Nach dem amerikanischen Unabhängigkeitskrieg siedelten die Briten etwa 7.300 Loyalisten und ihre Sklaven aus New York, Florida und den Karolinen auf die Bahamas um. Die erste Gruppe von Loyalisten verließ St. Augustine in Ostflorida im September 1783. Diese Loyalisten errichteten Plantagen auf mehreren Inseln. Die britischen Amerikaner waren den afroamerikanischen Sklaven, die sie mitbrachten, zahlenmäßig unterlegen, und ethnische Europäer blieben in dem Gebiet eine Minderheit.

Menschen

Nahezu 500.000 Menschen leben auf den Bahamas. Die ethnischen Gruppen der Bevölkerung sind:
82% afrikanischer Abstammung
15% europäische & gemischte Abstammung 3% asiatische und andere.

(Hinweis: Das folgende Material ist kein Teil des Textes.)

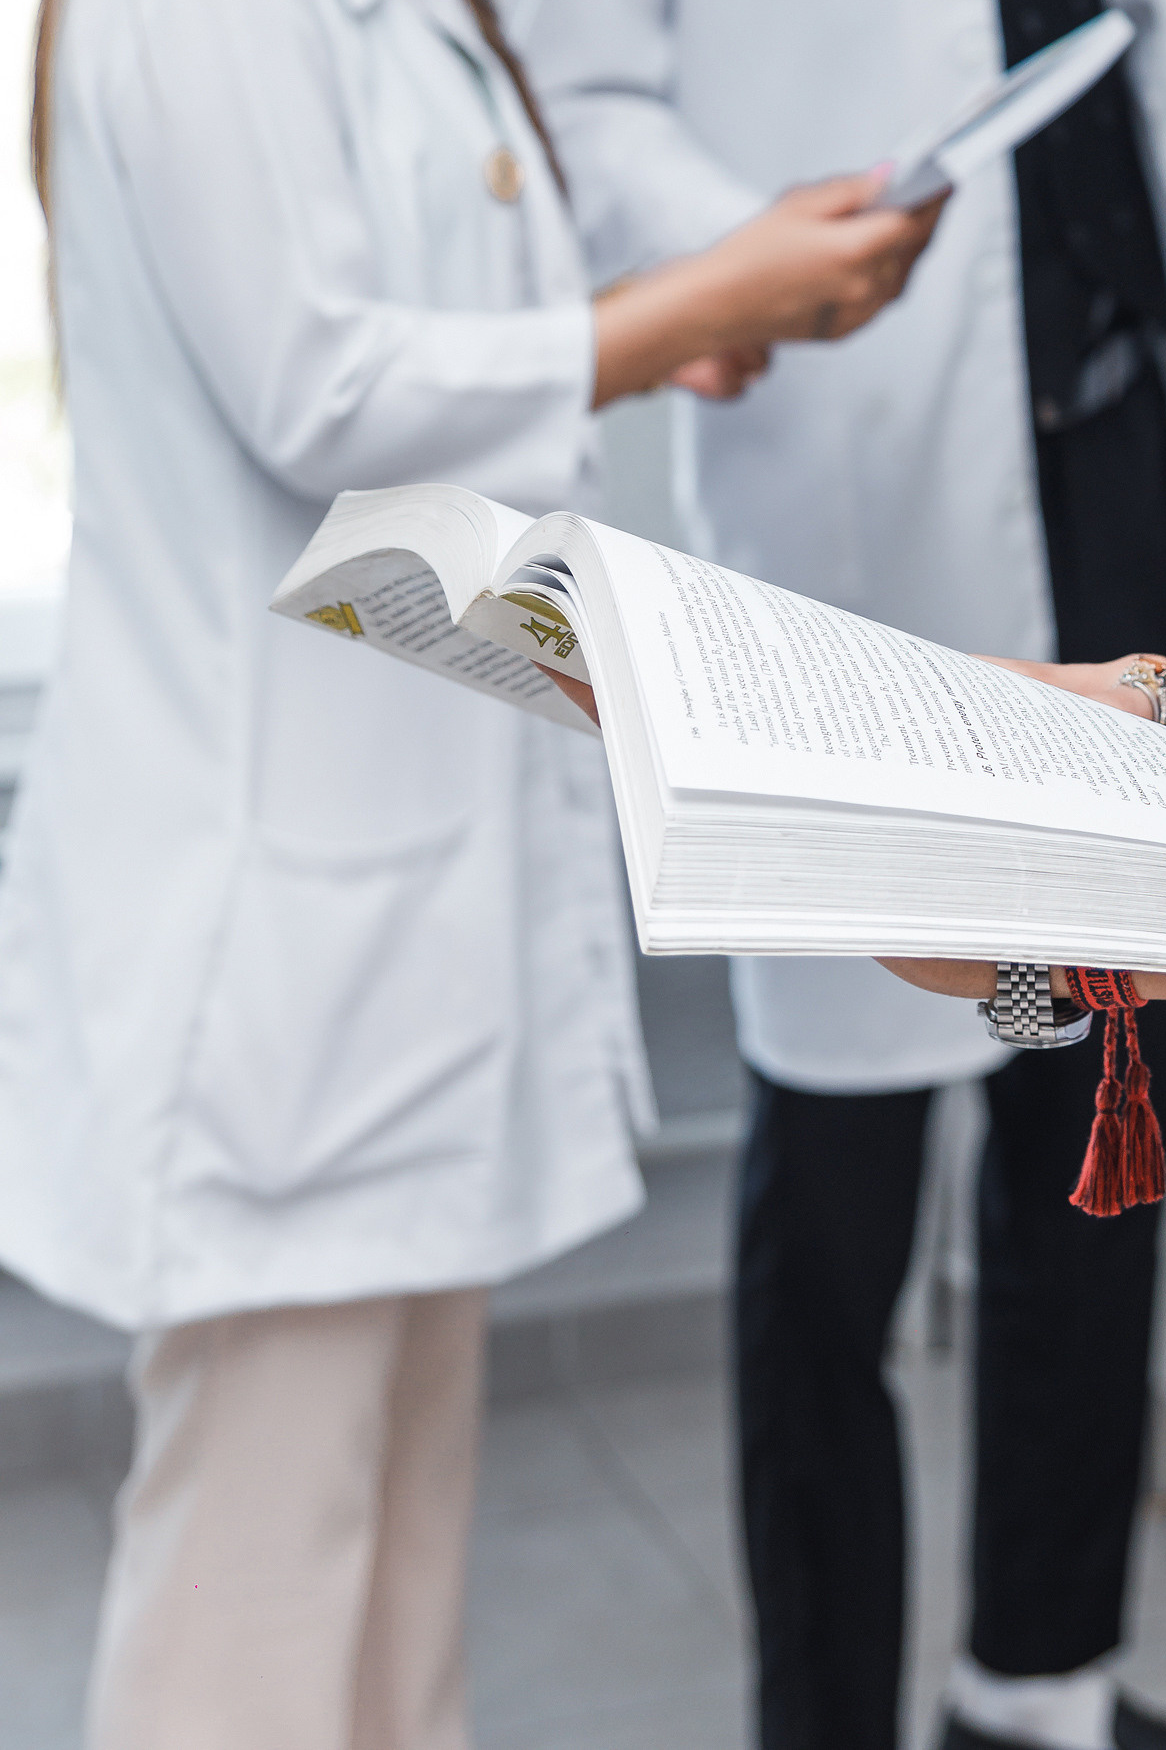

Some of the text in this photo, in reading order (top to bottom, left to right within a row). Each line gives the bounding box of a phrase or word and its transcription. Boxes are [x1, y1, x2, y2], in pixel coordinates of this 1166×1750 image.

[676, 586, 689, 603] from
[694, 595, 704, 606] the
[658, 611, 672, 638] Medicine
[683, 604, 700, 634] suffering
[742, 615, 754, 628] that
[701, 616, 720, 642] present
[732, 619, 745, 640] occurs
[696, 636, 712, 664] persons
[748, 629, 766, 657] anaemia
[666, 639, 684, 677] Community
[728, 648, 738, 661] the
[739, 640, 757, 672] normally
[788, 642, 807, 665] picture
[816, 646, 832, 667] motor
[830, 652, 845, 667] cord
[704, 666, 713, 674] in
[716, 658, 730, 687] vitamin
[733, 663, 741, 671] in
[810, 662, 822, 672] by
[849, 659, 868, 683] picture
[878, 656, 895, 674] given
[676, 678, 686, 686] of
[708, 676, 718, 693] seen
[737, 673, 747, 690] seen
[750, 673, 761, 688] that
[795, 664, 813, 689] clinical
[815, 673, 826, 687] acts
[838, 668, 857, 689] spinal
[725, 689, 735, 701] the
[806, 689, 818, 703] The
[849, 689, 860, 701] the
[891, 680, 904, 695] dose
[680, 688, 696, 719] Principles
[712, 695, 723, 711] also
[728, 703, 739, 713] all
[782, 680, 805, 720] pernicious
[852, 701, 864, 711] of
[885, 694, 901, 720] Vitamin
[899, 696, 913, 714] same
[928, 689, 946, 714] nursing
[746, 709, 760, 731] Lastly
[907, 715, 919, 727] the
[941, 715, 952, 726] are
[952, 698, 972, 726] energy
[733, 715, 749, 745] absorbs
[793, 721, 809, 744] called
[813, 705, 835, 755] Recognition.
[845, 715, 861, 743] sensory
[859, 713, 882, 761] degeneration
[947, 727, 959, 742] who
[1008, 725, 1022, 741] They
[785, 741, 797, 751] of
[880, 733, 892, 748] The
[898, 724, 919, 765] Treatment.
[967, 728, 988, 760] Protein
[985, 728, 1001, 750] energy
[999, 737, 1012, 747] of
[839, 748, 851, 758] of
[855, 745, 867, 759] like
[911, 729, 935, 768] Afterwards
[934, 727, 957, 771] Prevention.
[954, 744, 973, 774] mothers
[1007, 747, 1029, 783] conditions
[1037, 756, 1052, 773] They
[999, 762, 1015, 780] PEM
[1029, 771, 1044, 785] and
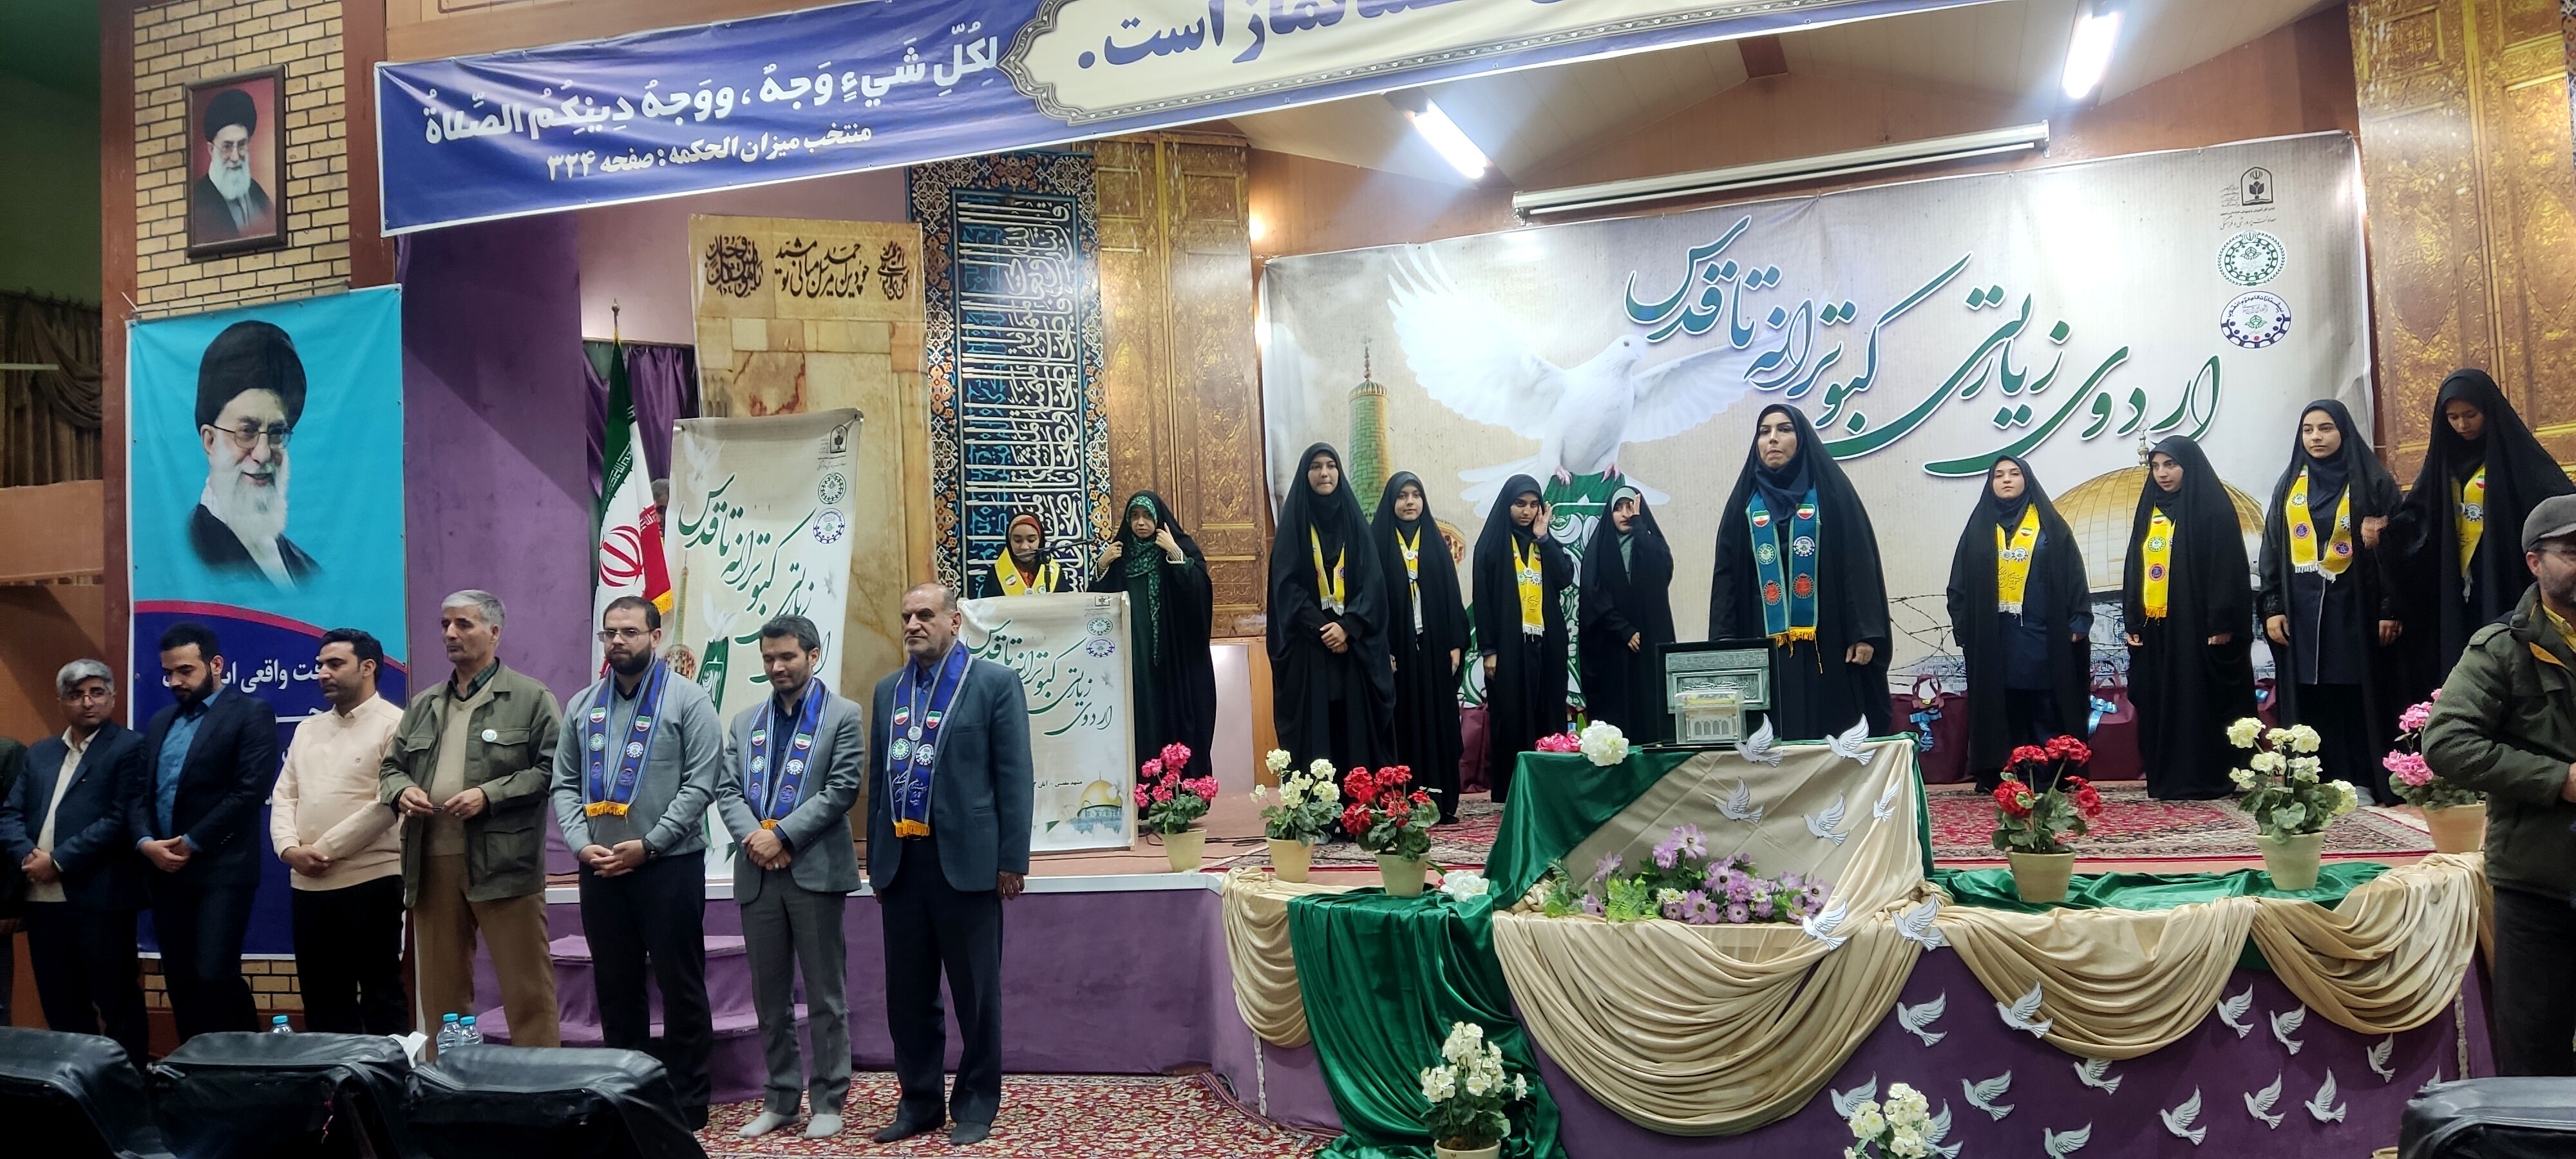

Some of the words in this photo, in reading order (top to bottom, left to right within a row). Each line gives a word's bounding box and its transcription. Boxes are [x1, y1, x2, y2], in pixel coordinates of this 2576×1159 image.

DNA-Schätzungen der Bahamas

Ethnizität

% ca.

Schwarzafrikaner

70%

Mulatte

13.8%

Weiß

12.4%

Asiatisch

3.8%

Sprachen

Die offizielle Sprache der Bahamas ist Englisch, aber sie sprechen auch einen lokalen Dialekt, das Bahamianisch. Der bahamaische Dialekt basiert auf den Akzenten des Westlandes England zusammen mit südhiberno-englischen Dialekten mit starken Einflüssen aus westafrikanischen Sprachen.

Geographie und Klima

1864 berichtete der Gouverneur der Bahamas, dass es 29 Inseln, 661 Inselchen und 2.387 Felsen in der Kolonie gab.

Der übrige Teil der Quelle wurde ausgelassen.